After COVID-19, resilience and empathy will be vital for leaders, global survey says

by Freya Lucas

August 10, 2020

A global survey of over 1,700 professionals has found a shift in the qualities employees are looking for in managers in the wake of the pandemic. Resilience, empathy, cultural communication and cultural intelligence are some of the qualities that have become more important for leaders since the COVID-19 crisis began. 

 

Respondents from 70 countries participated in the survey, 82 per cent of whom were in a management position and 11 per cent at the CEO/Board/company owner level.

 

Conducted by CEMS (the global alliance in management education), the survey noted the importance of maintaining connection and interaction when communicating virtually, with nearly a third of those who responded saying that virtual ways of working could have detrimental effects on their relationships with colleagues with whom they were not sharing a physical space.

 

Respondents considered resilience, empathy and the ability to communicate as being more important since the crisis, with the number of people who thought resilience was an important attribute almost tripling since the pandemic began.

 

Chair of CEMS and Dean of the Business School Professor Greg Whitwell said “The coronavirus pandemic has fundamentally disrupted ‘business as usual’ for many organisations.
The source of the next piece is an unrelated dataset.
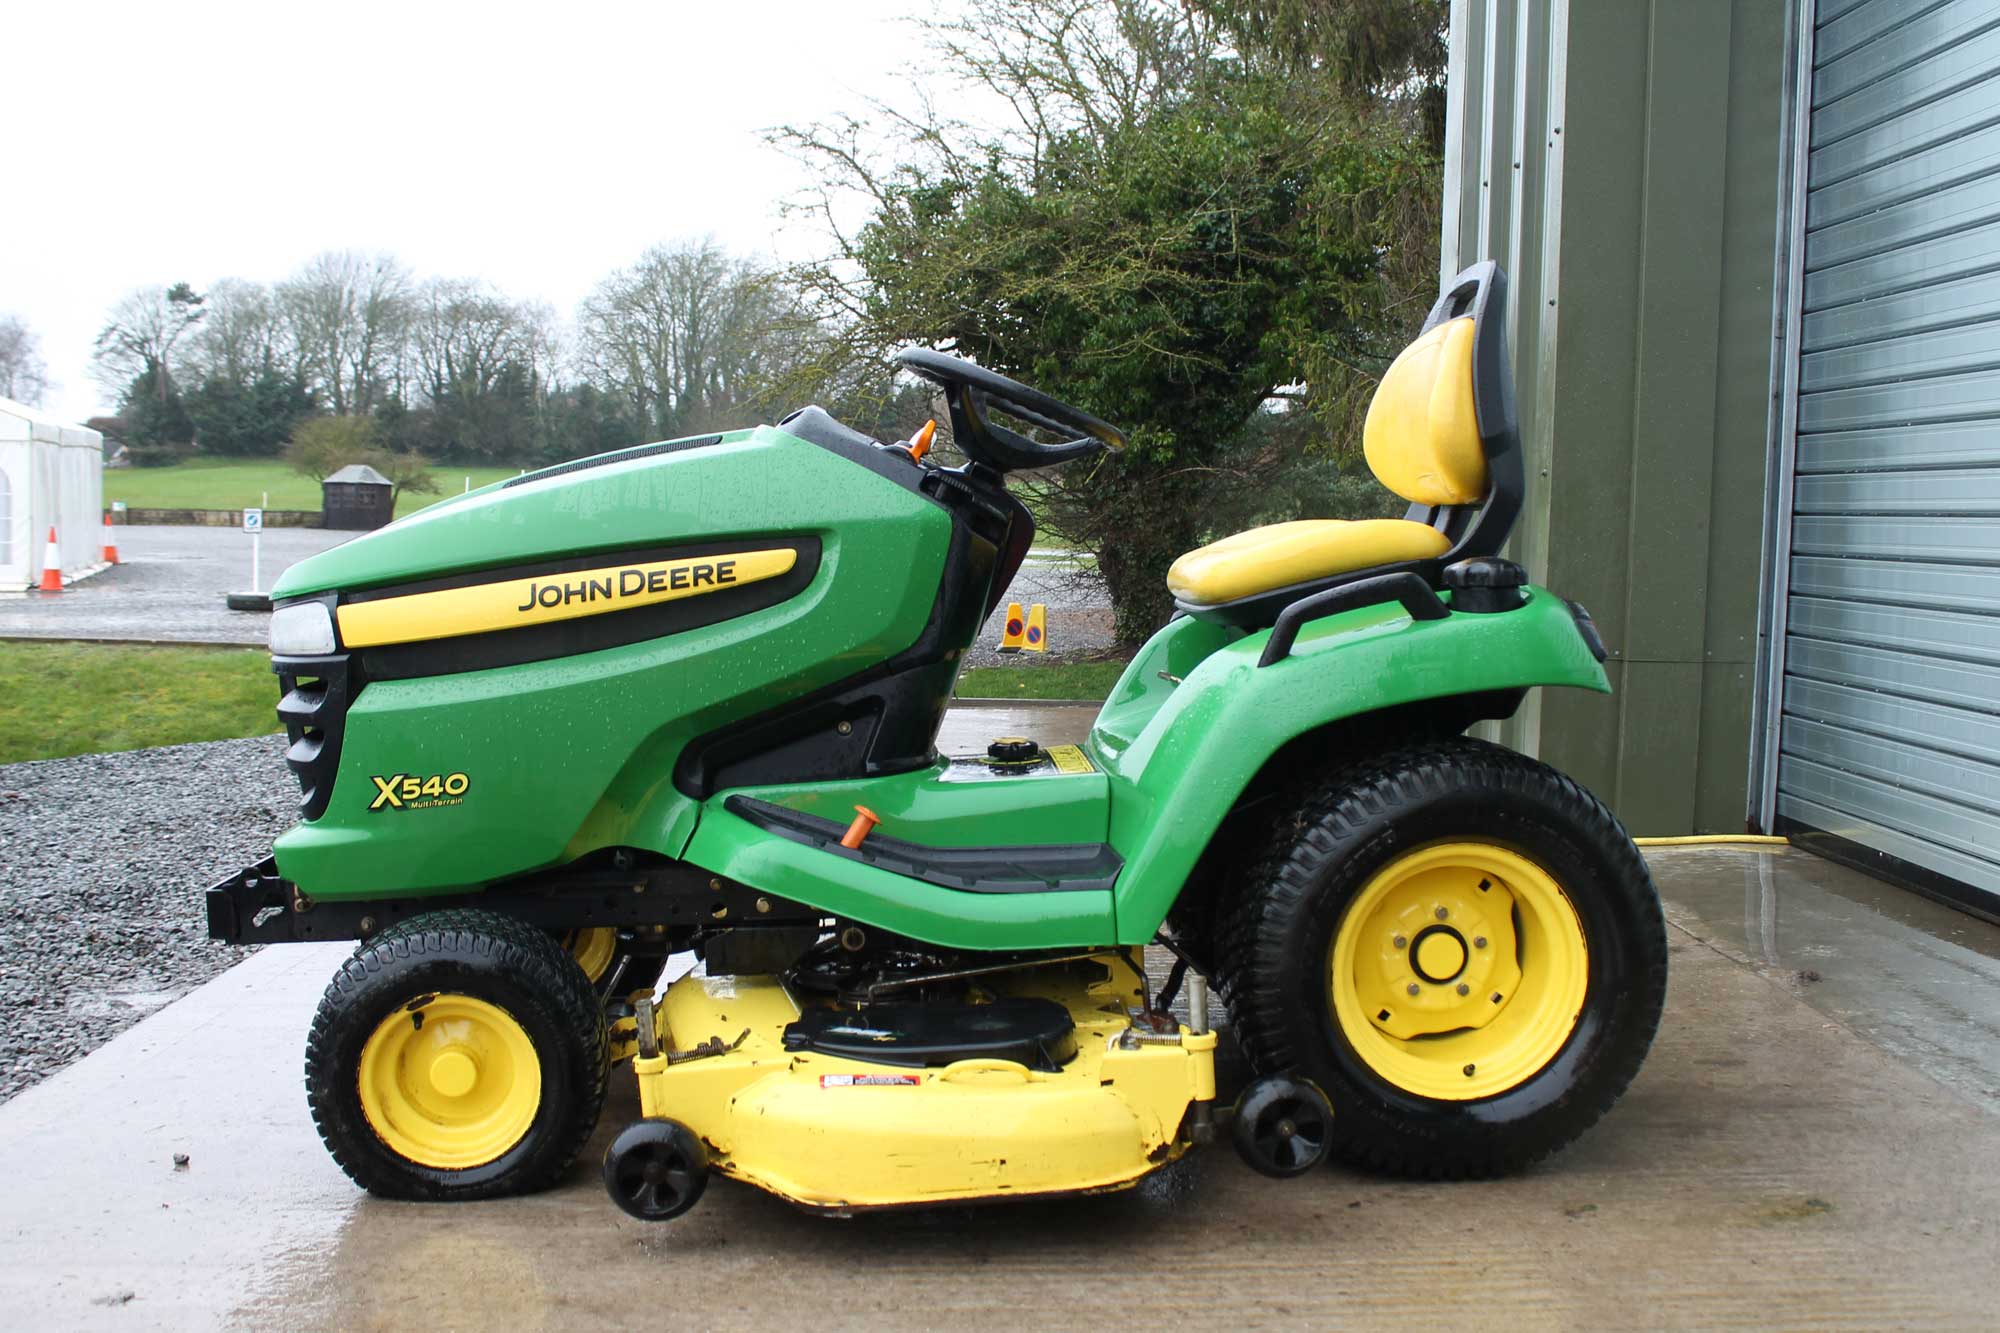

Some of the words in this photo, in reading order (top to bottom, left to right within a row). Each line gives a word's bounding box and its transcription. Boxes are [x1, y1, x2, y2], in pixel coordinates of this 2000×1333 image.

[518, 577, 612, 612] JOHN
[619, 560, 737, 598] DEERE
[369, 773, 470, 811] X540
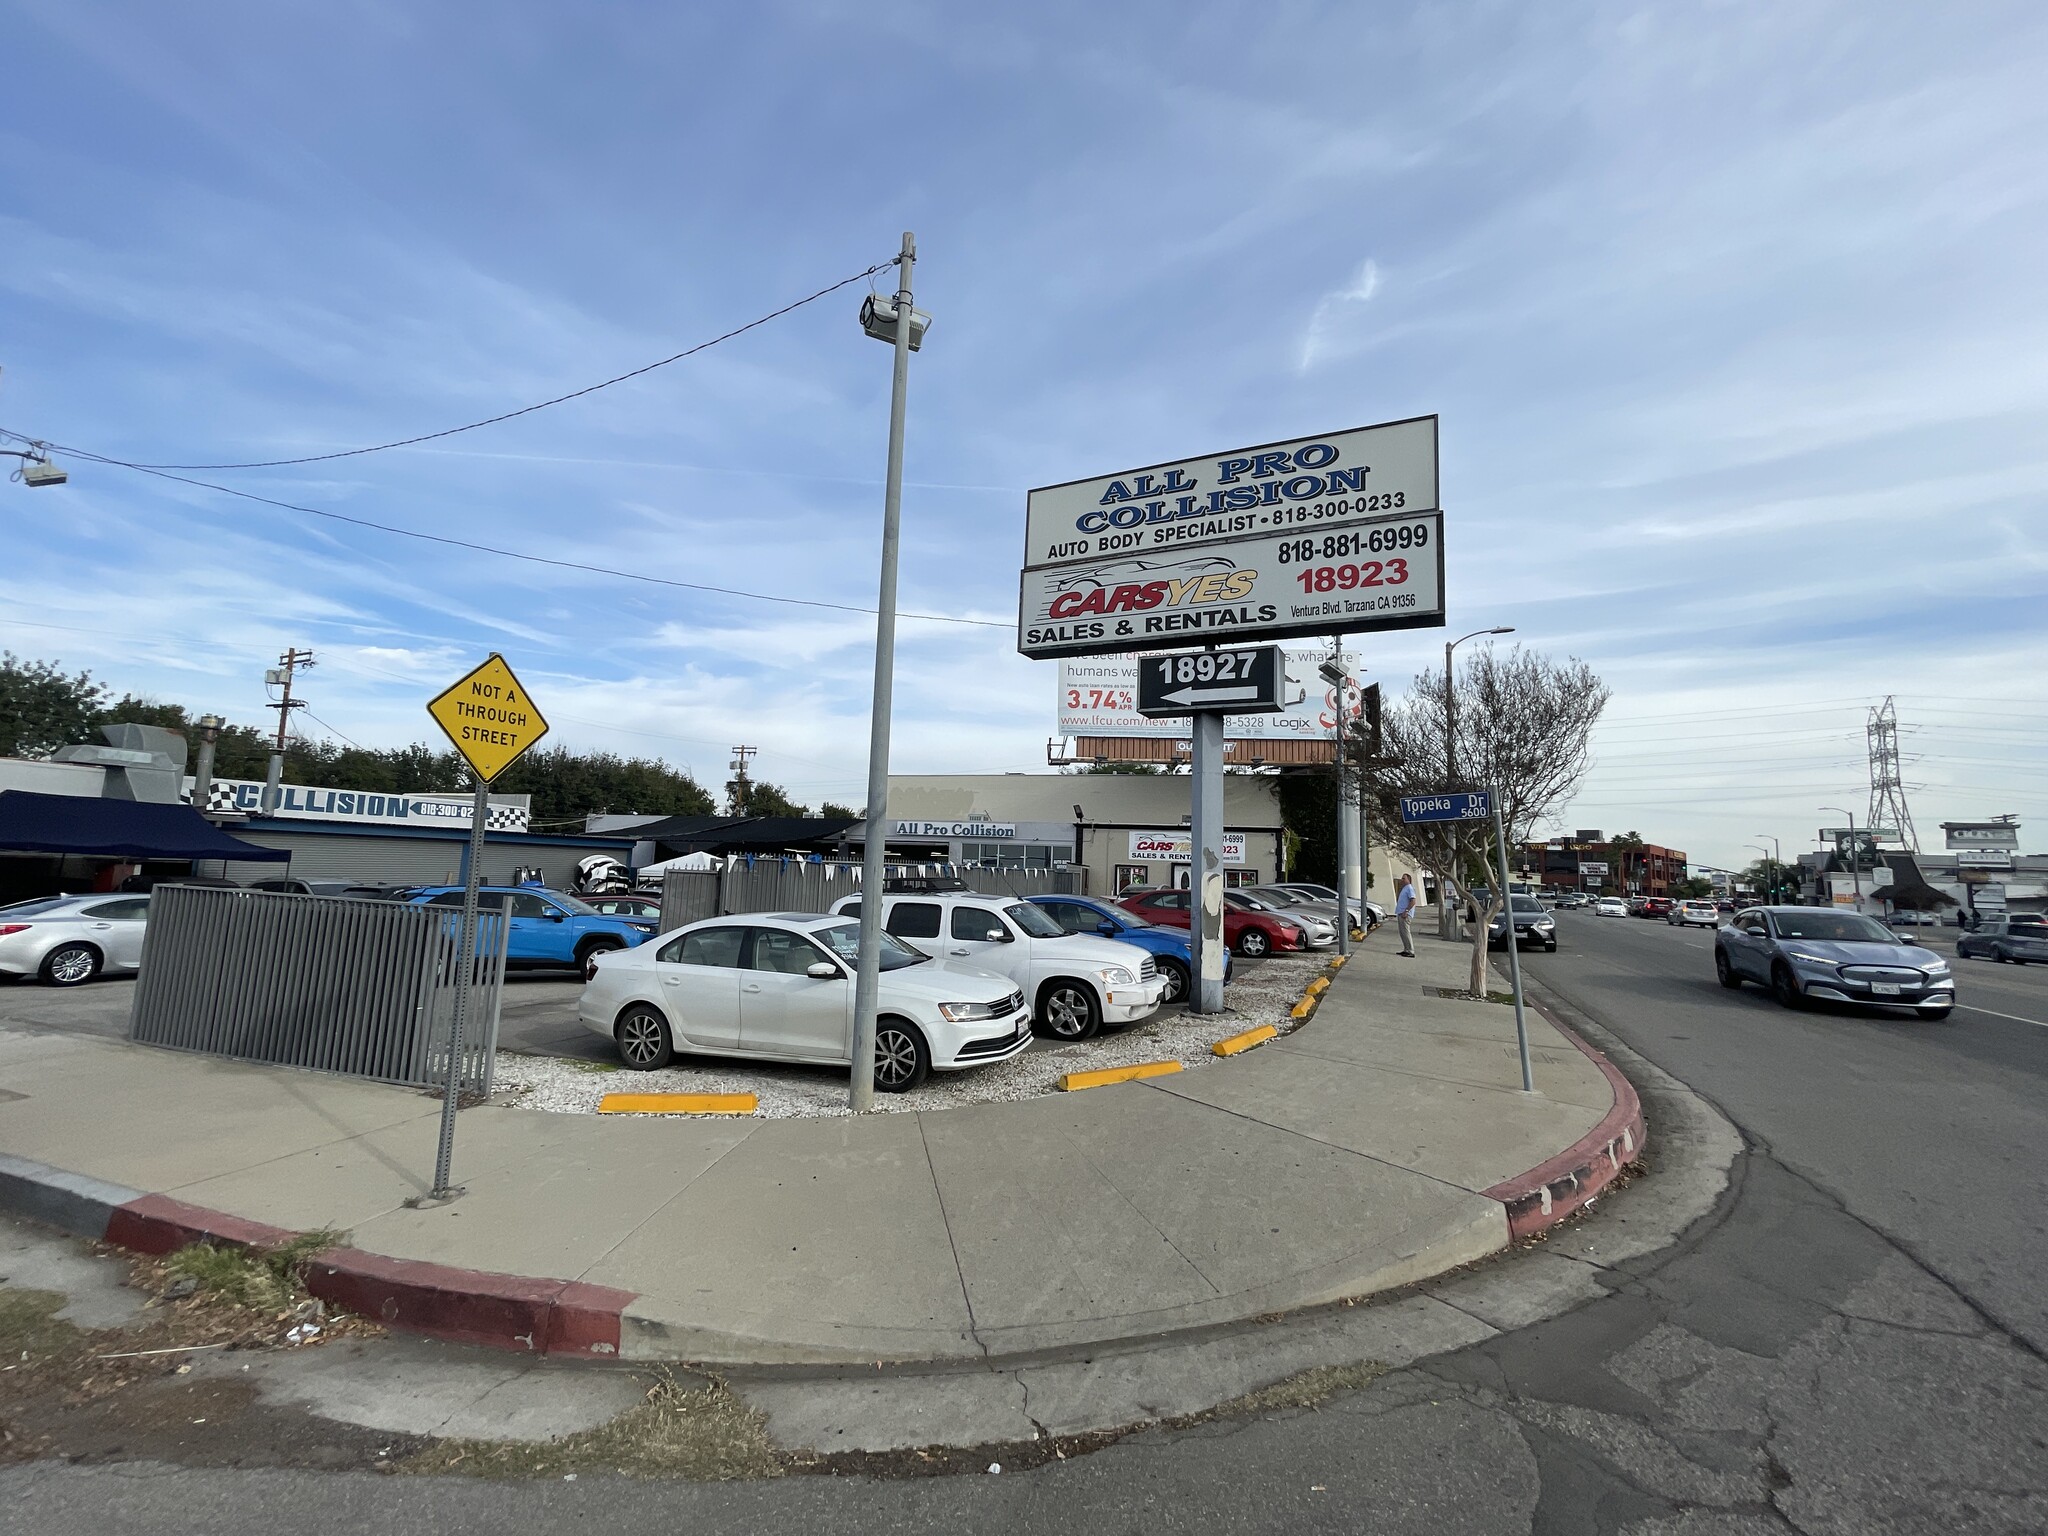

However, it has also presented an opportunity to reassess the qualities we value most.

 

“Effective leaders have proved adaptation is possible if they place quality over quantity when it comes to new ways of working,” Professor Whitwell added. 

 

The CEMS survey saw strategic vision ranked as the most important leadership quality both pre- and post-crisis, declining 6 percentage points to 68 per cent in July 2020.

 

Results-focus also dropped 9 percentage points (58 per cent to 49 per cent) indicating that business leaders may be judged on more than just the bottom line, at least in the short-term.

 

Executive Director of CEMS, Roland Siegers, said “In the past, the traditional, leader-centred approach has been something concrete – a collection of skills that can be taught and learned. However this research backs up the idea that in fact, fluid human skills such as resilience, empathy, communication and cultural intelligence are key to making sure that global teams thrive during times of disruption.”

 

The survey is the first stage of a CEMS project examining the skills needed to thrive post-COVID-19.